Mayhill spent his life in law enforcement. His crowning glory was achieving the position of sheriff, a job he lost due to a scandal two years before the opening of the novel. Mayhill is mourning his job and the death of Van, his life-long best friend, to suicide. His only friends are his beloved dogs. Although he attempts to look out for Van’s daughter, Birdie, and mom, Onie, they don’t want much to do with him. Everyone is hurting. Retired English teacher Onie is so distraught over losing her son that she no longer reads. She sits and watches TV all day long, saying things that don’t make sense. Mayhill spends his days listening to the police scanner, cleaning his antique guns and handcuffs and drinking Dr. Pepper.

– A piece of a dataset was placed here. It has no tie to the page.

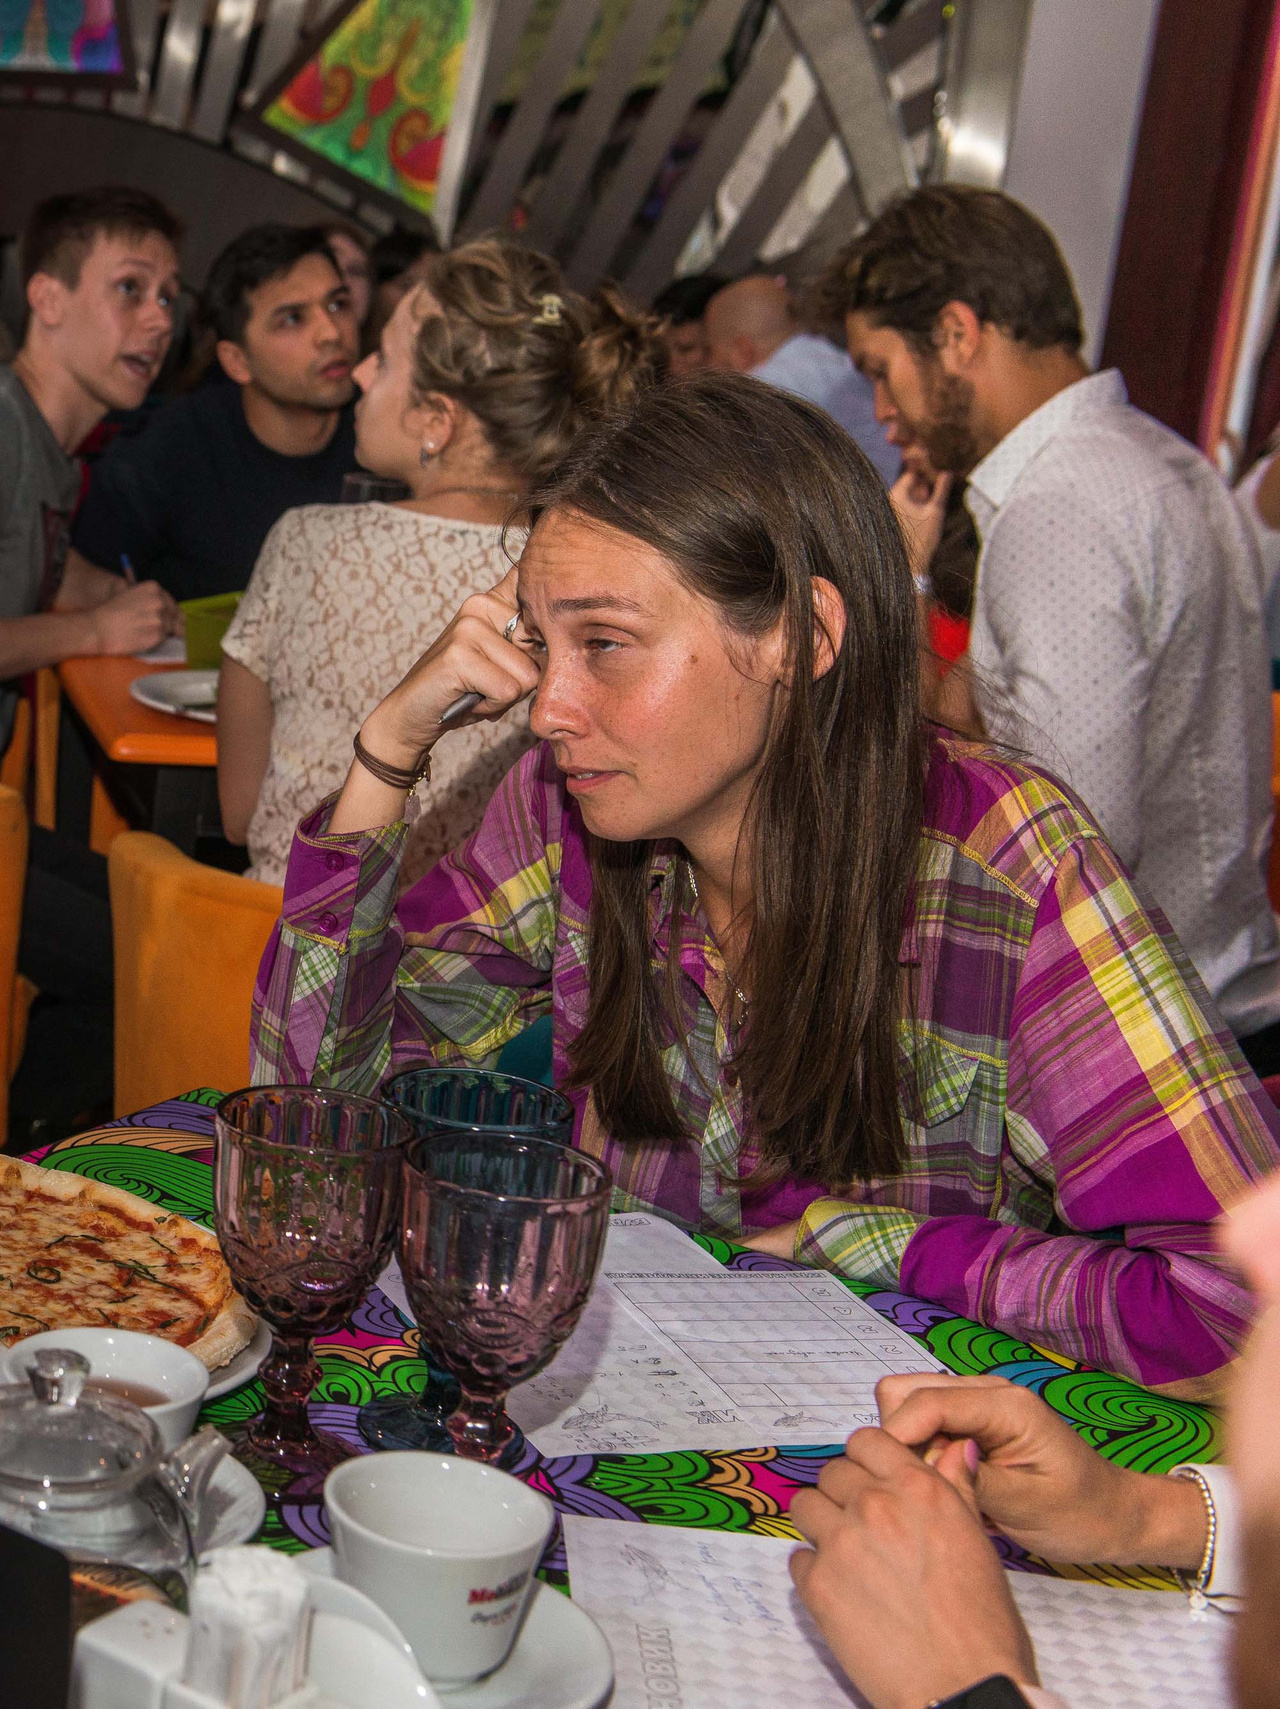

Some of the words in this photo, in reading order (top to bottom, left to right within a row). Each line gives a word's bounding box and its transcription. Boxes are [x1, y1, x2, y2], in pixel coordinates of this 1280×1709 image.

[857, 1325, 879, 1335] 3
[879, 1344, 903, 1355] 2
[635, 1623, 684, 1709] НОВИК

And then, a dead man is discovered slumped over a fence. When Mayhill arrives—alerted to the body by circling buzzards—hired hand Bradley, who worked for Van, and Birdie are already on the scene. Nobody bothers calling the police because it’s Texas and this is private land. Plus, the new sheriff is an 85-year-old man on oxygen. The story takes off from here. It’s a good set up and a solid mystery based on a situation specific to this time and place.
What kept me reading wasn’t only my interest in finding out who done it and why but learning more about this rural community. Ellett has written fantastic descriptions of her characters, both their external looks and internal landscapes. Bradley “was dirty blonde and big … and had the vacant look of a Ken doll, a numb open-mouthed expression not unlike the hog Mayhill had just gutted.” Birdie’s pale skin is even paler than usual, “like sausage casing.”

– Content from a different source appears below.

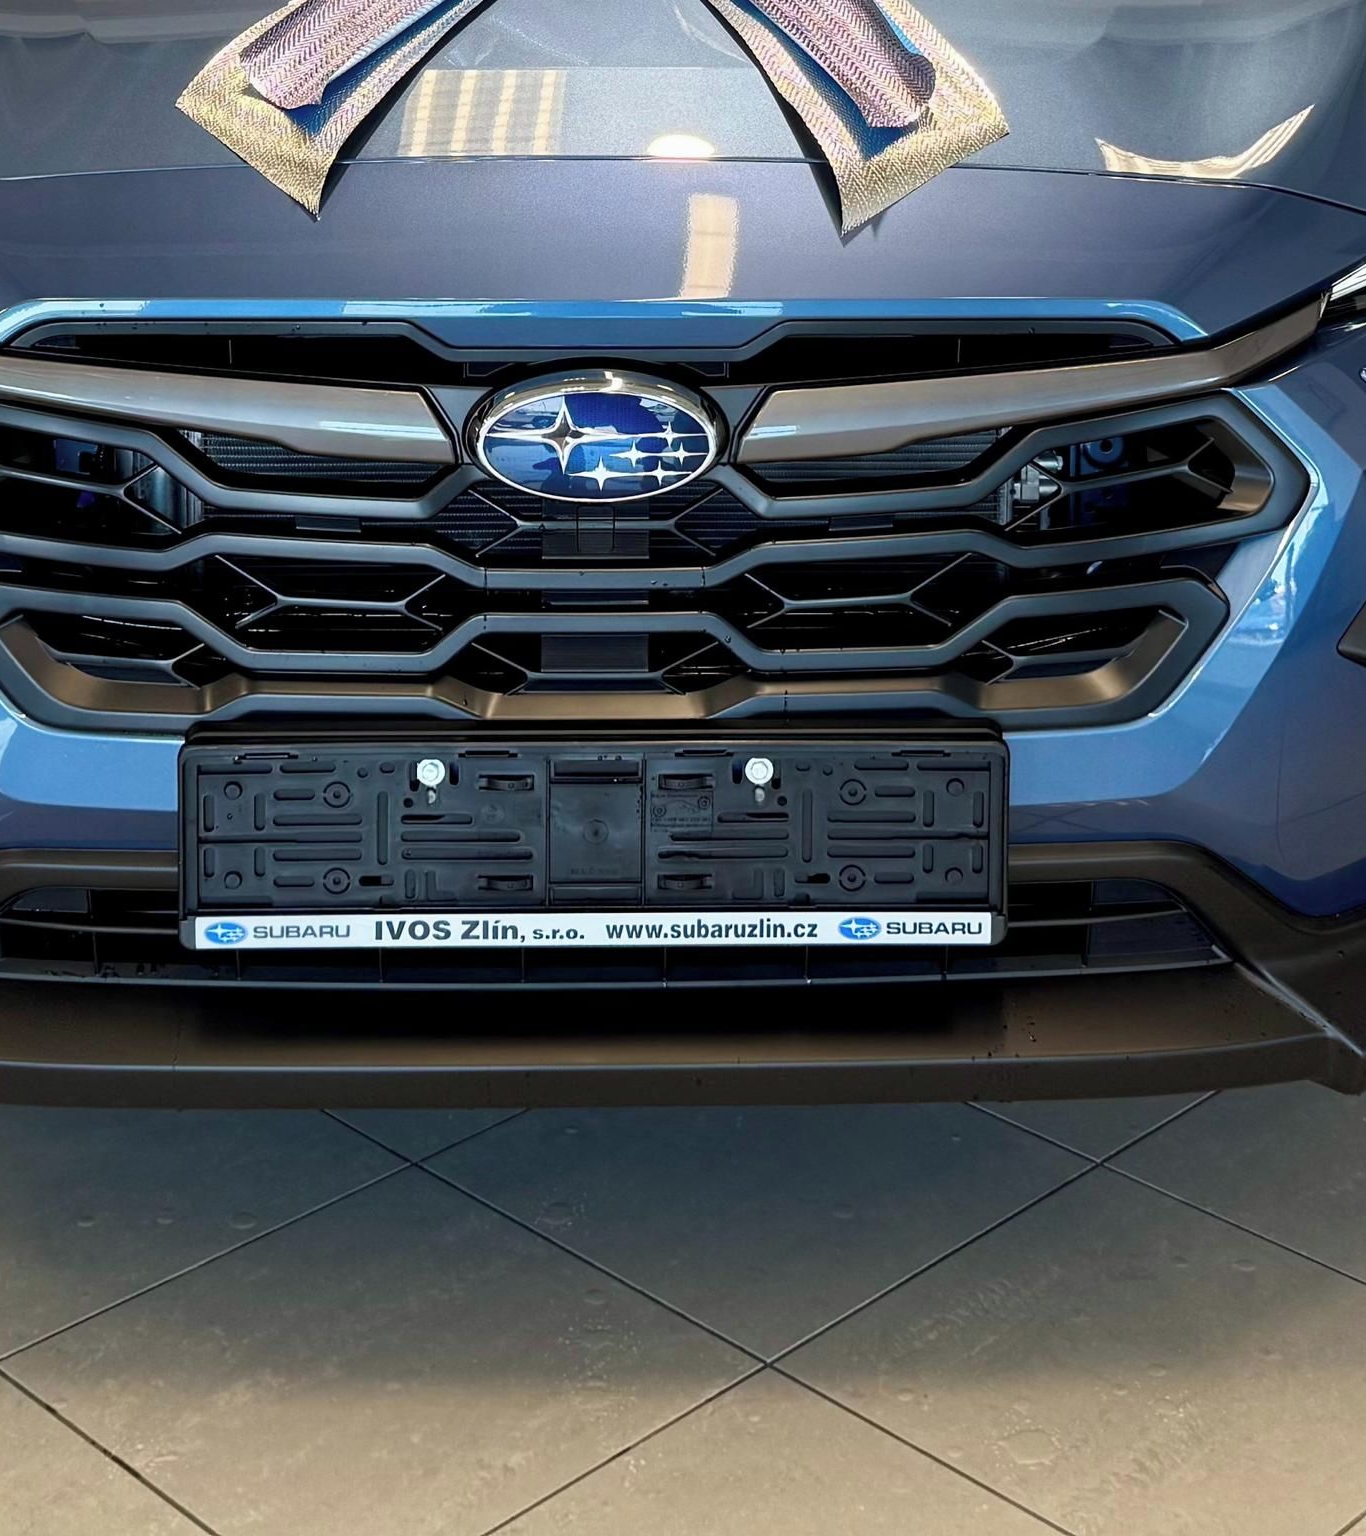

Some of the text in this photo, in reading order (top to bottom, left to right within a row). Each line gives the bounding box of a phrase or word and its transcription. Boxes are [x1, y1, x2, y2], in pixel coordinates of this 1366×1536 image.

[252, 917, 984, 944] SUBARU IVOS Zlín, s.r.o. www.subaruzlin.cz SUBARU

These characters are beaten up, dirty, distraught, and in some cases, very much loved by one another. For some, however, the harsh life has led to alcoholism or a scrapping for survival that has left no space for love. They’re quirky but not annoyingly so.
Ellett has a real talent for witty descriptions and one-liners. “The radio spewed out sad excuses for country music, which as far as Mayhill could tell was just rock and roll sung by Gomer Pyle.” Or this, “And so in the way that teenagers register everyone over thirty as an amorphous blob of middle age, the importance of a man neither of them recognized would not land.” Thankfully, Ellett also has a knack for spacing these wisecracks in a way that don’t make them feel overdone or so thinly strung that they seem jarring when they do appear. The flow of the writing and the unfolding of the mystery are exceptional, especially for a first novel.

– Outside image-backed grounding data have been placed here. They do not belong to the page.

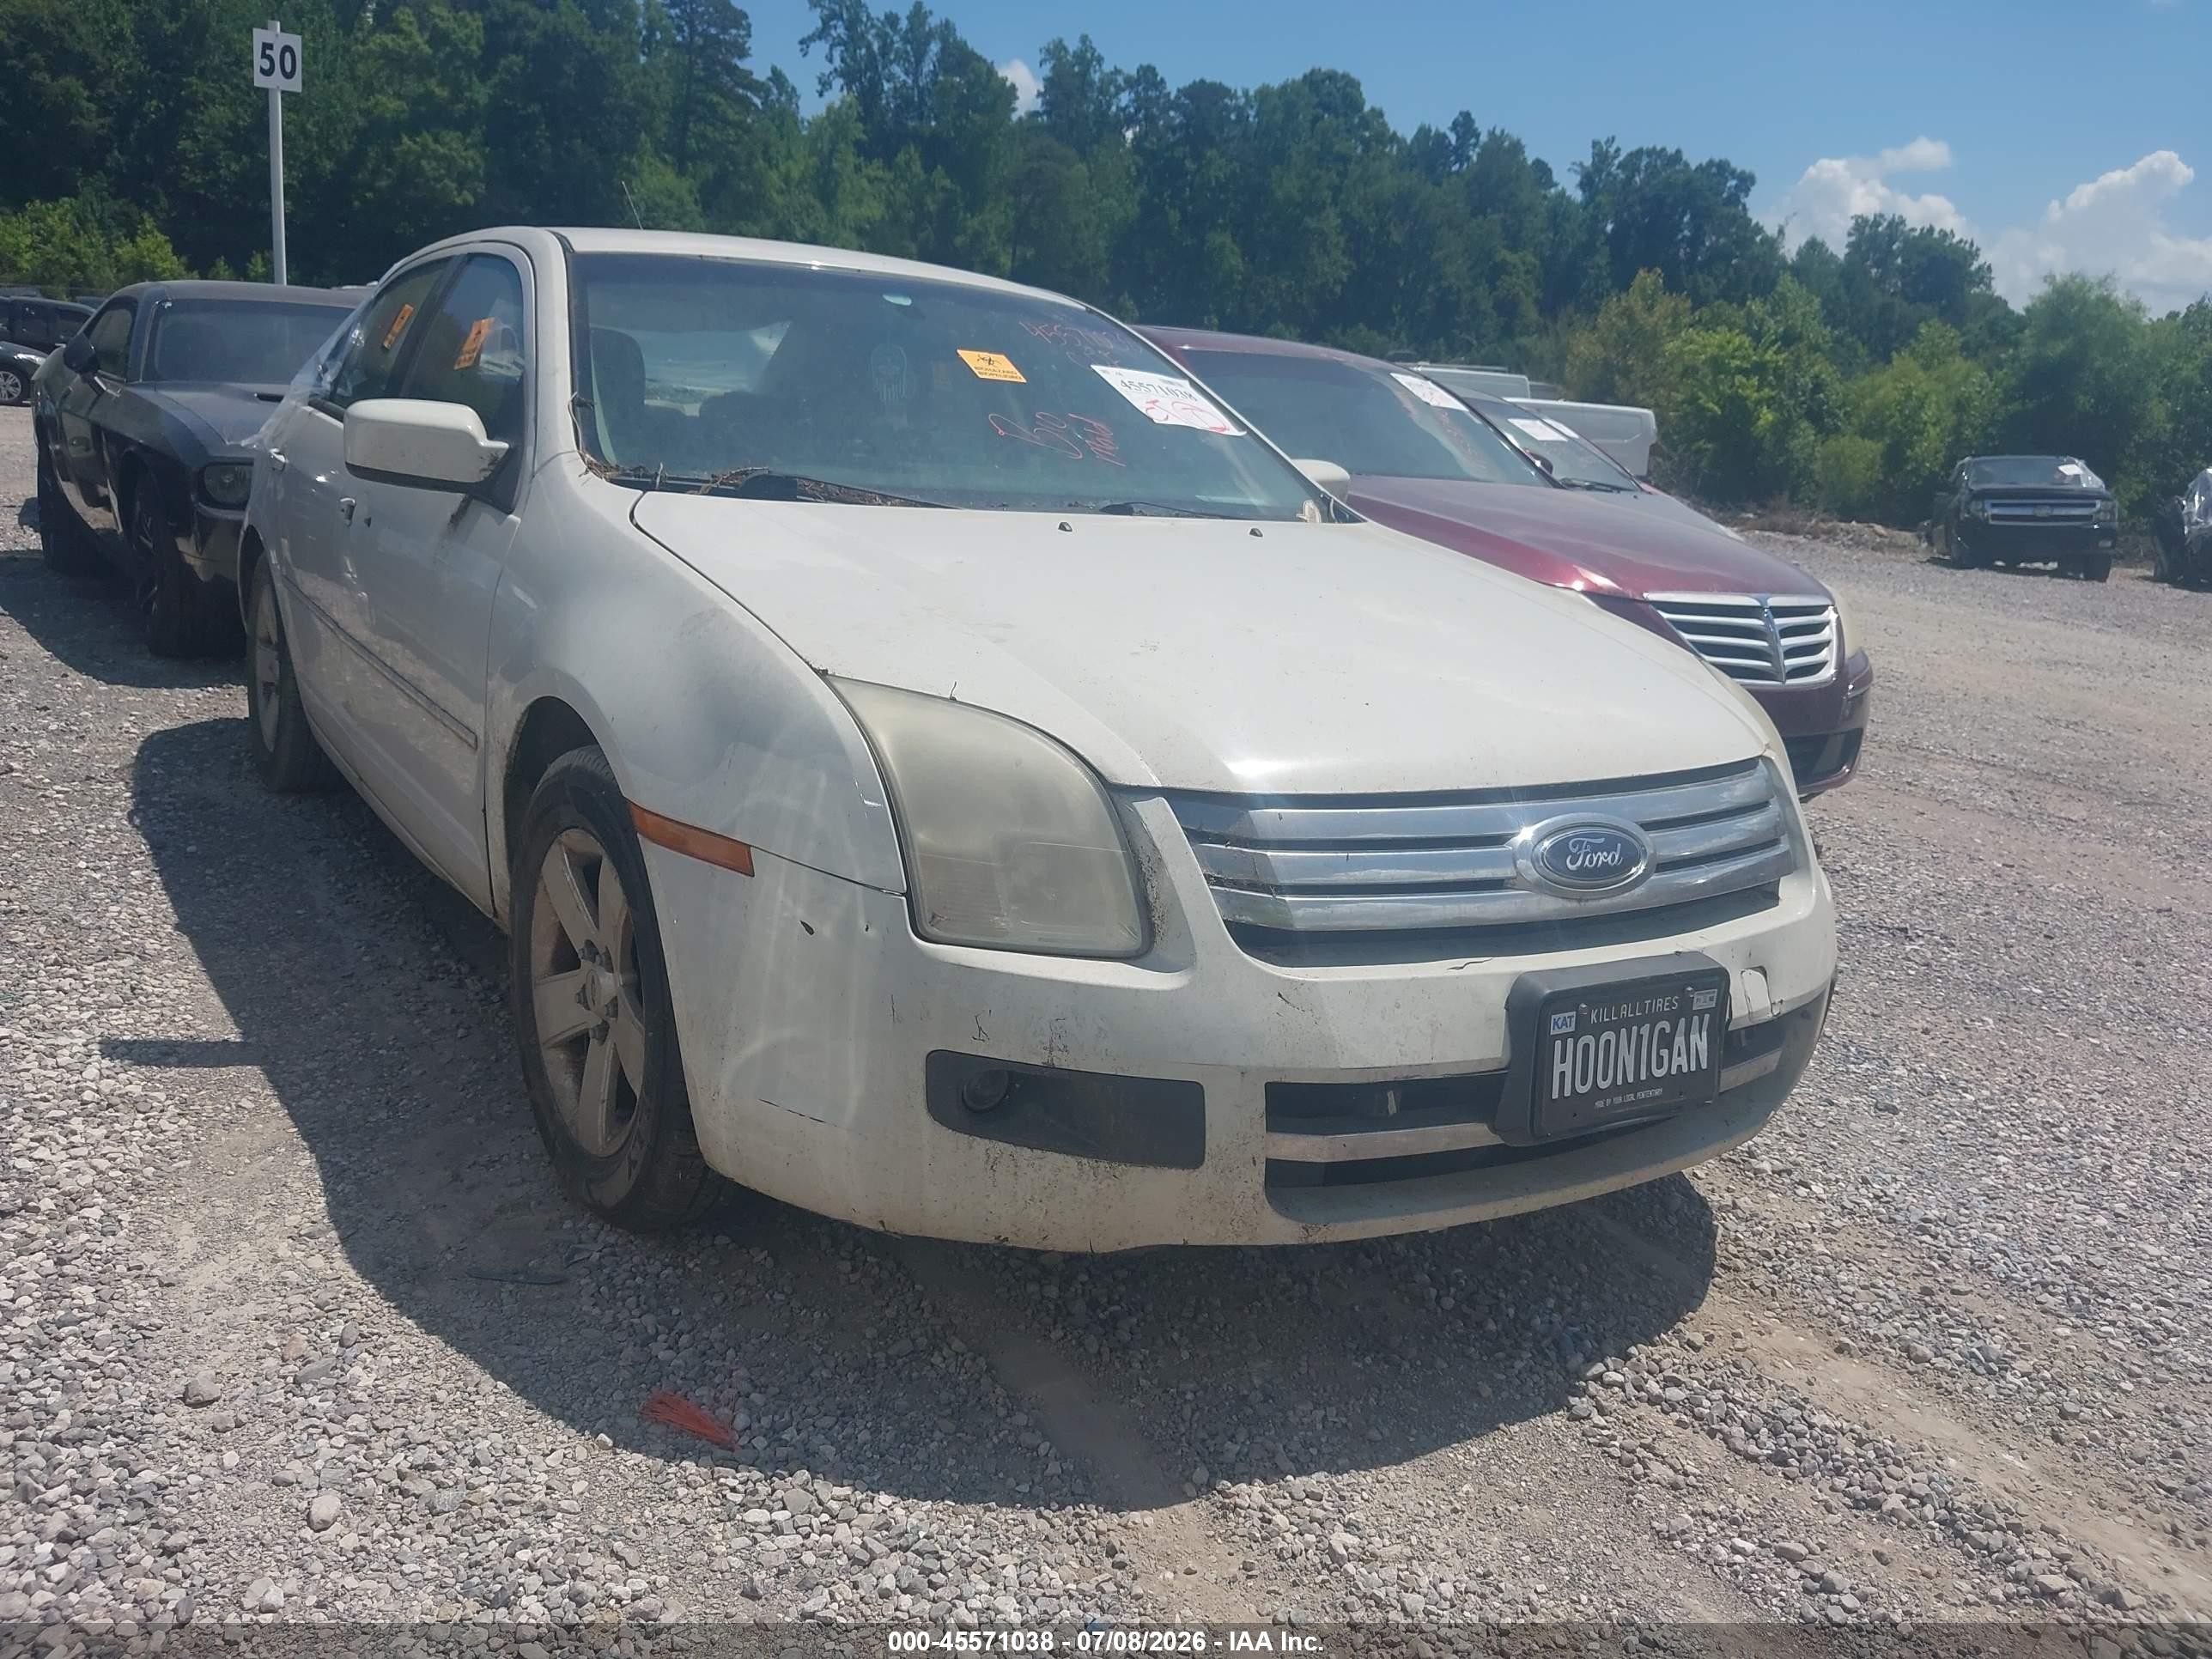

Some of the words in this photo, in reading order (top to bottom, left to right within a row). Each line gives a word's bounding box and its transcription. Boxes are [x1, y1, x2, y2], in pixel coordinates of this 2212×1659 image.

[259, 42, 297, 80] 50
[1120, 379, 1198, 402] 45571038
[1566, 837, 1623, 871] Ford
[1553, 1016, 1574, 1031] KAT
[1552, 1013, 1710, 1100] HOON1GAN

First-time author Ellett is a therapist in private practice, and she deftly weaves her understanding of human nature through these characters’ conversations and thoughts. While I wouldn’t call this a psychological mystery, the depiction of the emotional strain that the characters experience makes them feel well-rounded and complex. The anguish of grief. The shame of misplaced guilt. The desperation of economic hopelessness and the delusion or ruthlessness it causes. The need for gentle human touch. Characters in such precarious situations often come off seeming one-dimensional. That’s not the case here. Ellett infuses her novel with compassion for her characters but doesn’t slide into sentimentality.
This is a gritty, well-written story with so much heart. I didn’t anticipate the ending, but it is one that rings true for the characters. Ellett is an exciting new voice on the mystery scene, and Ain’t Nobody Nobody is a fantastic read for those who like a straightforward mystery with flesh-and-blood characters and a strong sense of place.